Chin Mudra (psychic gesture of consciousness) This mudra is used in either seated meditation or pranayama such as ujjayi. The hands rest on knees or thighs facing down. This Gesture has a grounding effect on the mind.The middle finger, ring, and little finger represent the three classic qualities of all of nature (the Three Gunas). The middle finger symbolizes sattva, (purity, wisdom and true understanding) the ring finger rajas, (action, passion and movement) and the little fingertamas, (inertia, lethargy and darkness). Classically the yogi is meant to transcend these states, progressing from darkness into light and from ignorance to wisdom.
Jnana Mudra (psychic gesture of knowledge) In Jnana mudra the hands are placed on the knees in seated meditation with the palms facing up. This mudra gives a feeling of spaciousness and has a subtle uplifting effect on the body and mind. In both Chin and Jnana mudra the connection made by the thumb and index figure is said to create a kind of circuit by connecting the terminus of certain nadi thus re-circulating the body’s vital energy.
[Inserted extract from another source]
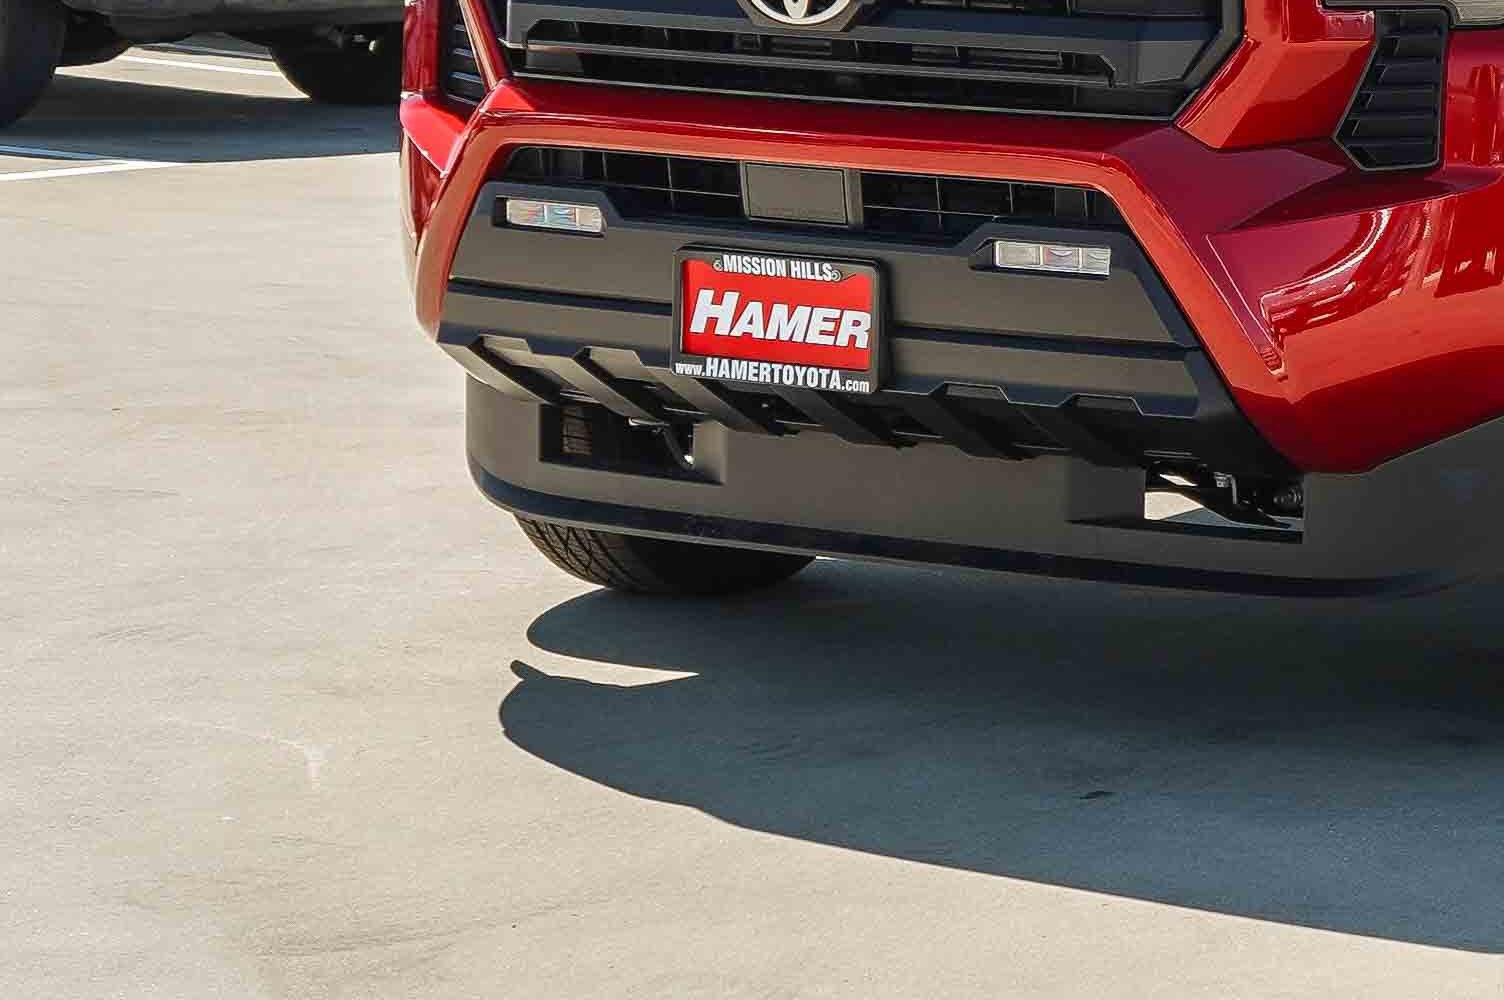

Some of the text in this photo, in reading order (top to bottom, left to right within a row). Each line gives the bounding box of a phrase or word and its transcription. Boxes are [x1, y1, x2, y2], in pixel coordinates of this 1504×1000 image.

[722, 254, 833, 282] MISSION HILLS
[689, 288, 872, 349] HAMER
[674, 357, 870, 392] www.HAMERTOYOTA.com
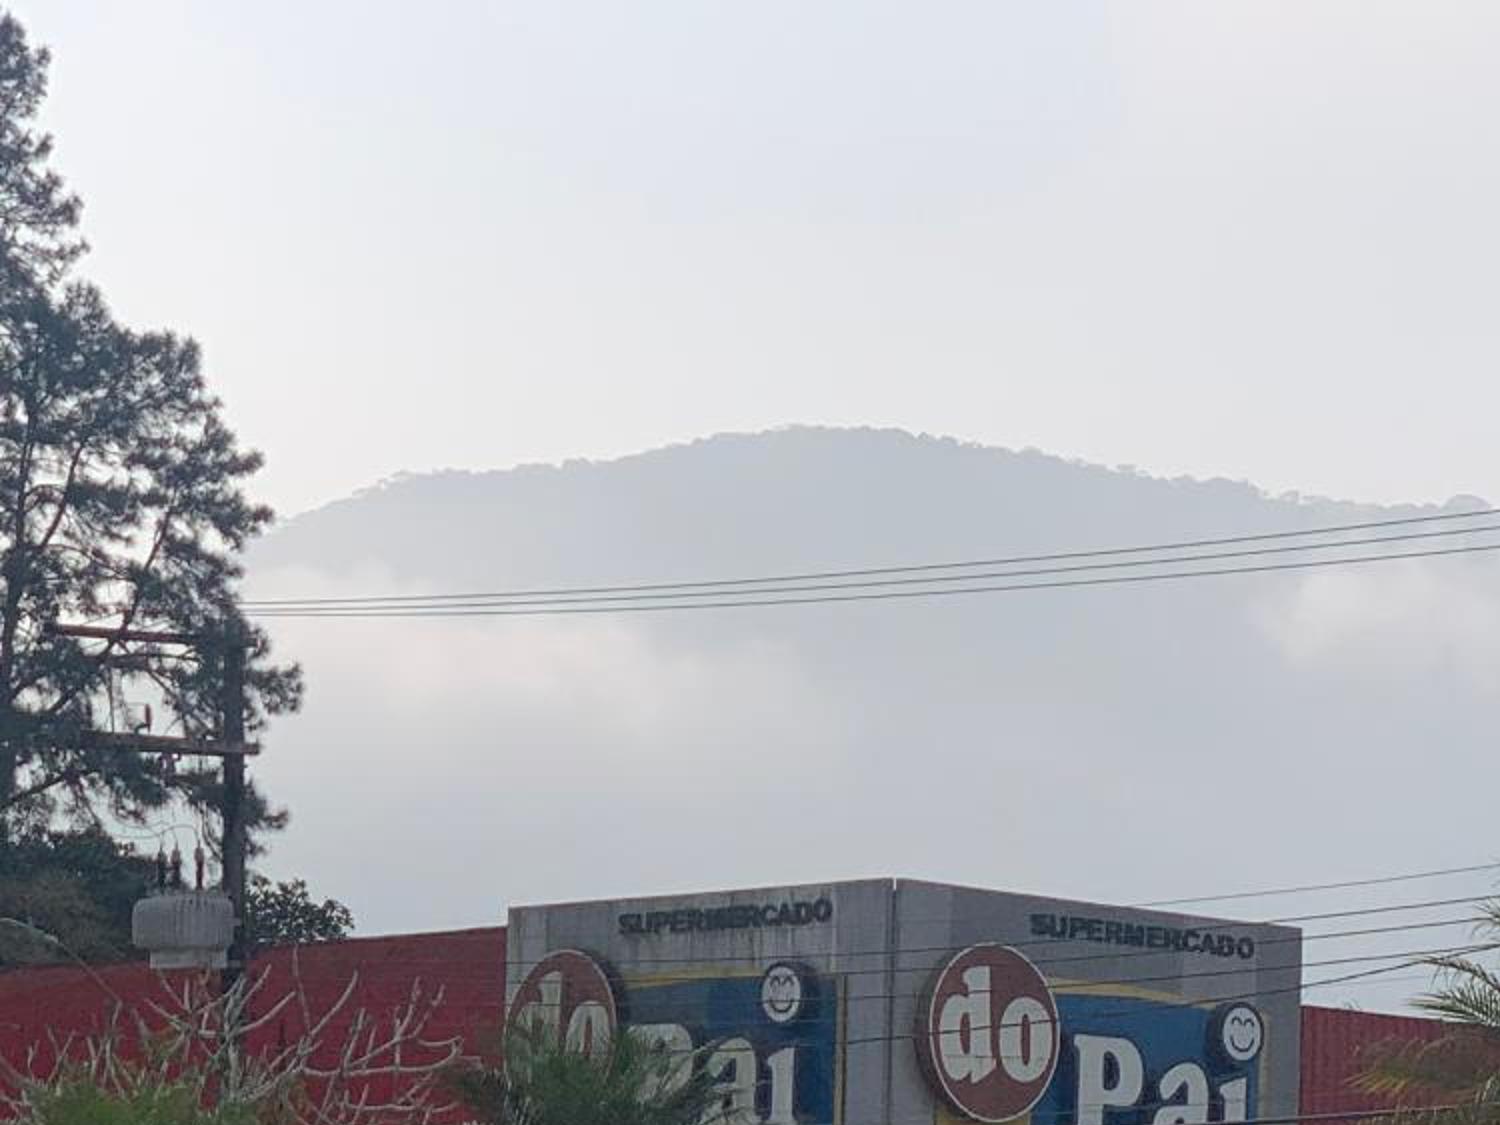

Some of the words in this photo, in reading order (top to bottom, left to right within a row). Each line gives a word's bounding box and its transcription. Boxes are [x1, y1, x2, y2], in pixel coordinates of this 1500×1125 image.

Chinmaya Mudra (gesture of awareness) This mudra is said to influence the prana in the thoracic area of the body.
Aadi Mudra (primal or first gesture ) This mudra is made by curling the fingers around the thumb making a very light fist. It has a soothing influence on the mind and is said to positively influence breathing. Aadi mudra can be very useful in savasana at the end of asana practice to quiet the nervous system.
Brahma Mudra (gesture of all-pervading consciousness) This mudra is done and the fingers wrapped around the thumbs and the knuckles of both hands pressed together. The hands are then lightly pressed against the pubic bone. Brahma mudra helps to stimulate a full breath in pranayama practice.
Bhairava and Bhairavi Mudra (fierceaspect of Shiva and Shakti) When the right hand is placed on top it is the Shiva aspect, Bhairava. When the left is on top it is Bhairavi, the Shakti aspect; consciousness and manifestation.
Prana Vayu Mudras (vital air gestures, not pictured) In the science of Ayurveda the qualities of the “five elements” or pancha bhutas of earth, water, fire, air and ether are connected to and represented by prana vayus (see The Five Pranas and Chakras). These energies are symbolized by the five fingers of the hand; the thumb represents fire, the index finger is air, the middle finger is ether and the ring finger is earth while the little finger is water.
The following five mudras are thought to directly influence the “five vital airs” or prana vayus in the physical body. With each mudra, the corresponding vayu is believed to be stimulated and bring a unifying effect to the various pranas.
Prana Mudra– Tips of middle and ring finger touch the tip of the thumb.
Apana Mudra– Tips of the index and middle finger touch the tip of the thumb.
Samana Mudra– Tips of the ring and little finger touch the tip of the thumb.
Udana Mudra– Tips of the index, middle, ring and little finger touch the tip of the thumb.
Vyana Mudra– Tips of index, middle, ring and little finger touch the tip of the thumb. (same as Udana)
Any of these mudras can be done during meditation with the mind fixed on the particular area of the body were the corresponding vayu is meant to reside. Bringing our conscious awareness to specific areas of the body helps direct the prana.